**INSTRUCTIONS TO FOLLOW:**
Exactly the lines from the one with "this 1250×1875 image." to the end of the entries should appear in your answer, retyped word for word.

**GIVEN DATA:**
·····

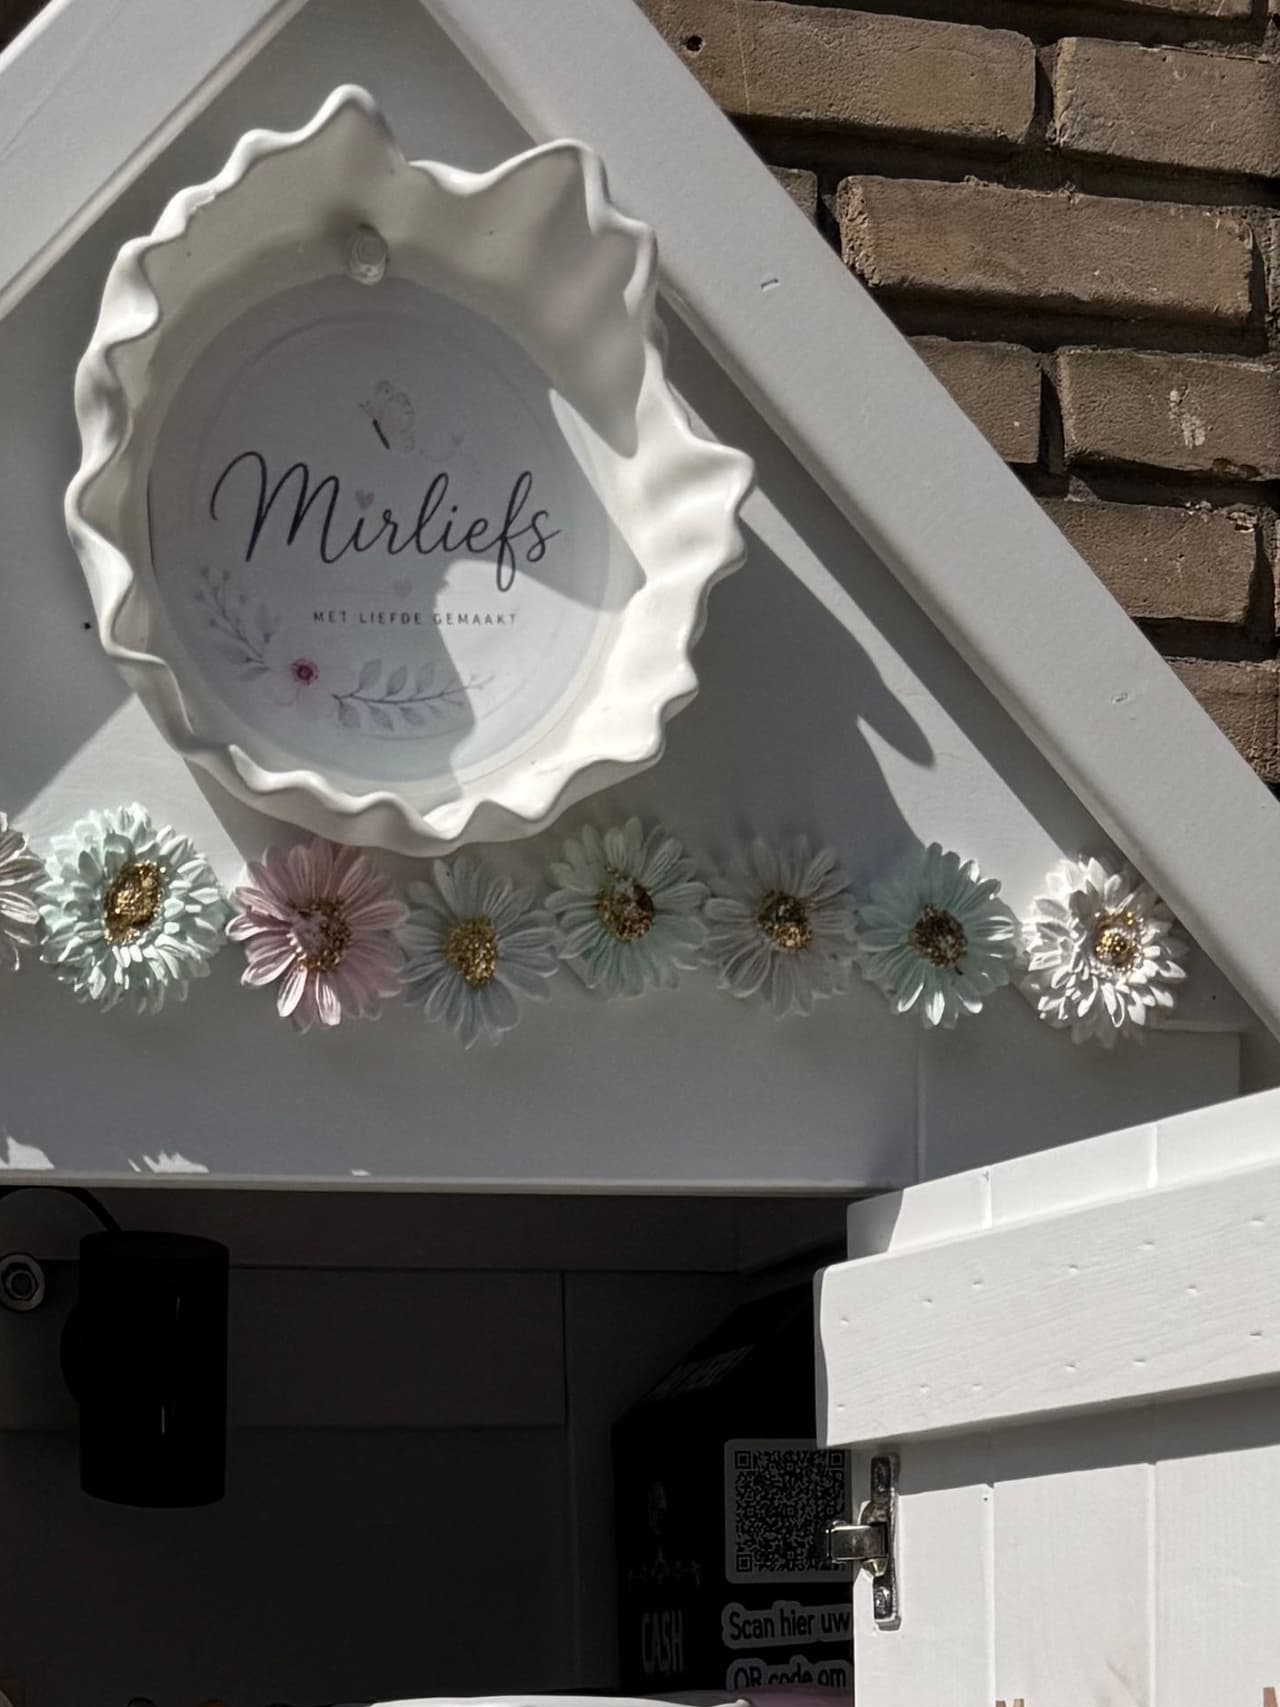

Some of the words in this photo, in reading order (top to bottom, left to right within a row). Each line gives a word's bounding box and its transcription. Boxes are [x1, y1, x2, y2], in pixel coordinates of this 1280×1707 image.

[209, 451, 561, 592] Mirliefs
[313, 610, 348, 625] MET
[360, 610, 422, 625] LIEFDE
[432, 611, 517, 626] GEMAAKT
[641, 1608, 685, 1678] CASH
[730, 1611, 775, 1641] Scan
[780, 1608, 814, 1637] hier
[821, 1611, 851, 1633] uw
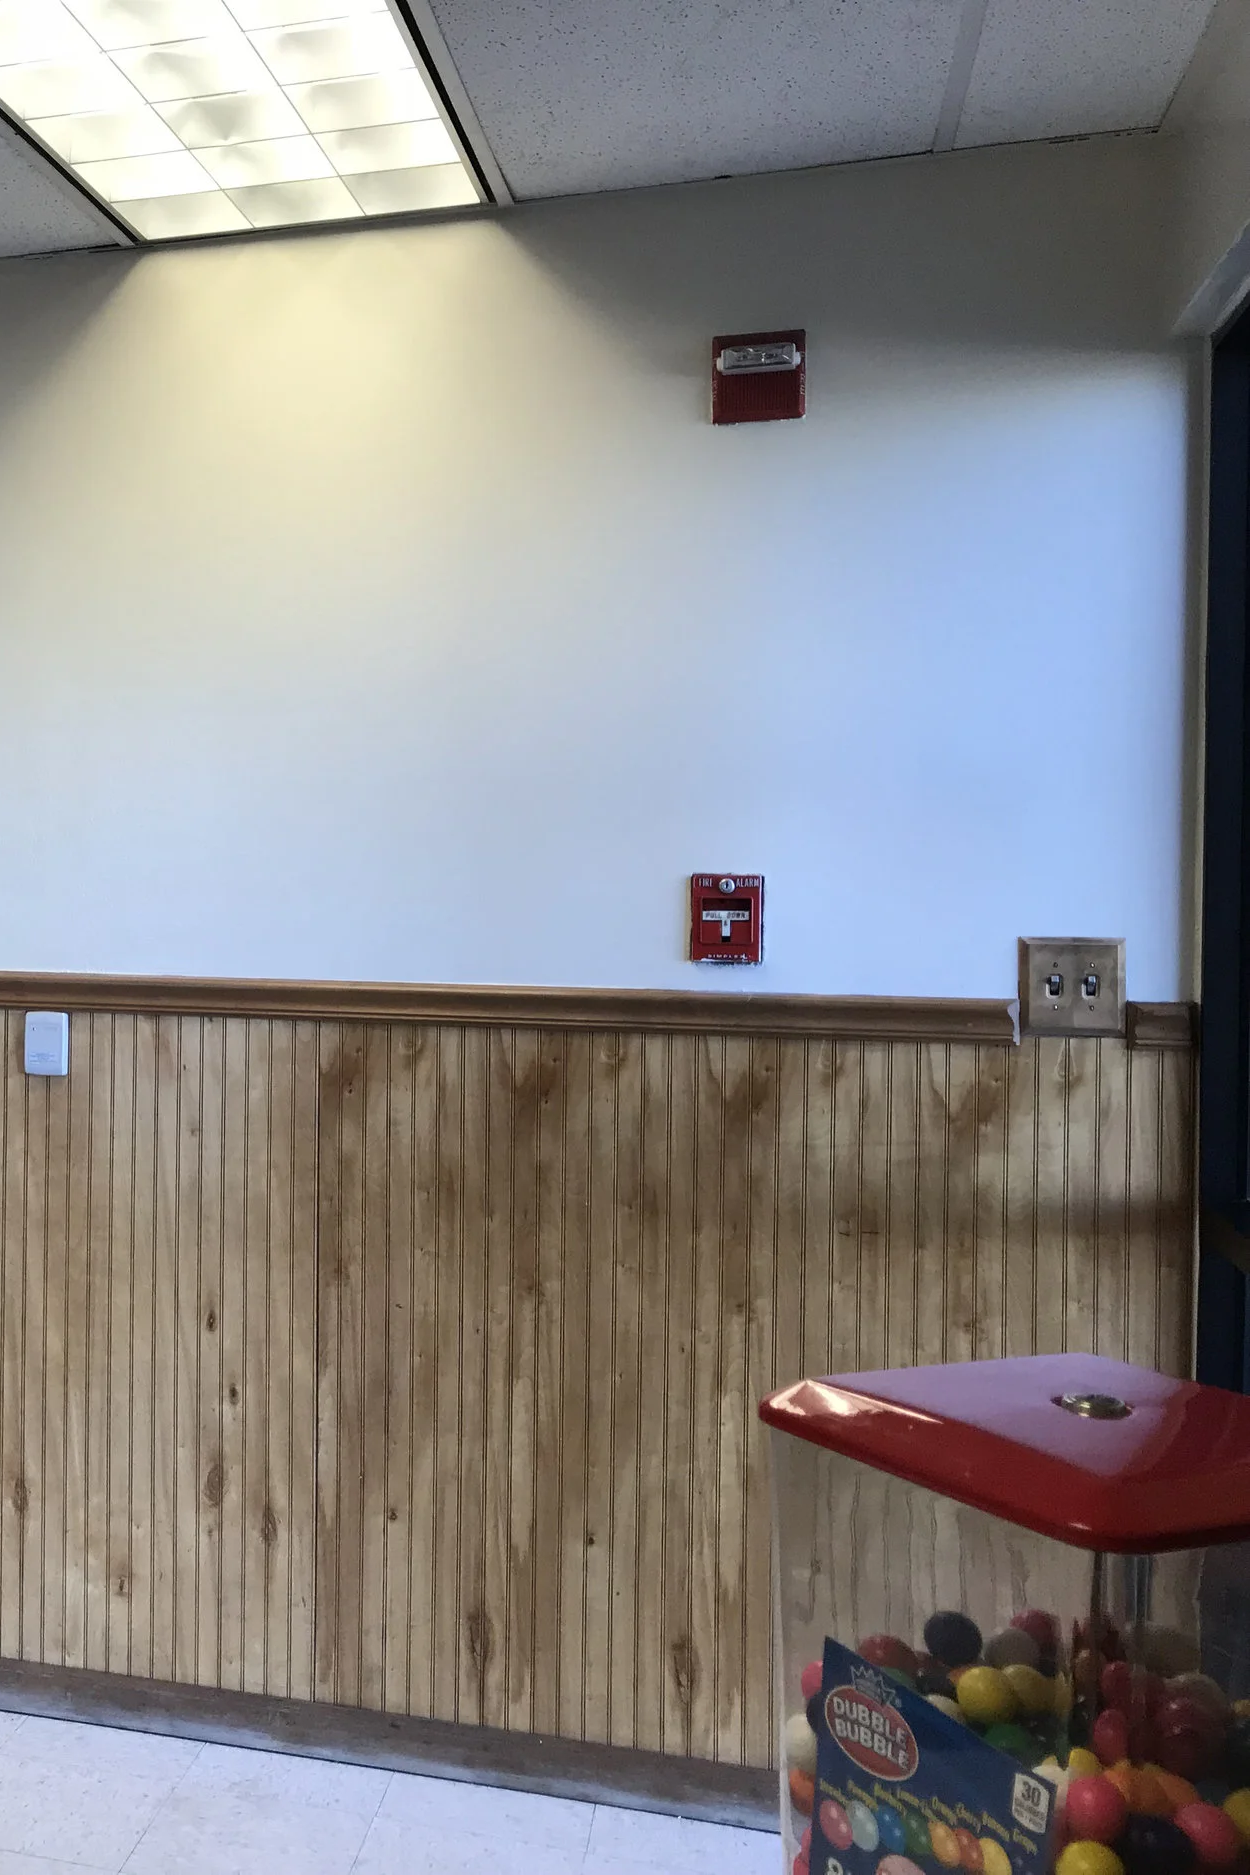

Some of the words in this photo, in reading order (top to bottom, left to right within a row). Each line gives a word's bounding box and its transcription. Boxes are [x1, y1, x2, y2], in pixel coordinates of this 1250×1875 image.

[699, 878, 713, 887] FIRE
[736, 878, 759, 887] ALARM
[833, 1696, 907, 1750] DUBBLE
[835, 1717, 909, 1770] BUBBLE
[1021, 1781, 1041, 1807] 30

·····

**RESPONSE TO THE EXERCISE:**
Some of the words in this photo, in reading order (top to bottom, left to right within a row). Each line gives a word's bounding box and its transcription. Boxes are [x1, y1, x2, y2], in pixel coordinates of this 1250×1875 image.

[699, 878, 713, 887] FIRE
[736, 878, 759, 887] ALARM
[833, 1696, 907, 1750] DUBBLE
[835, 1717, 909, 1770] BUBBLE
[1021, 1781, 1041, 1807] 30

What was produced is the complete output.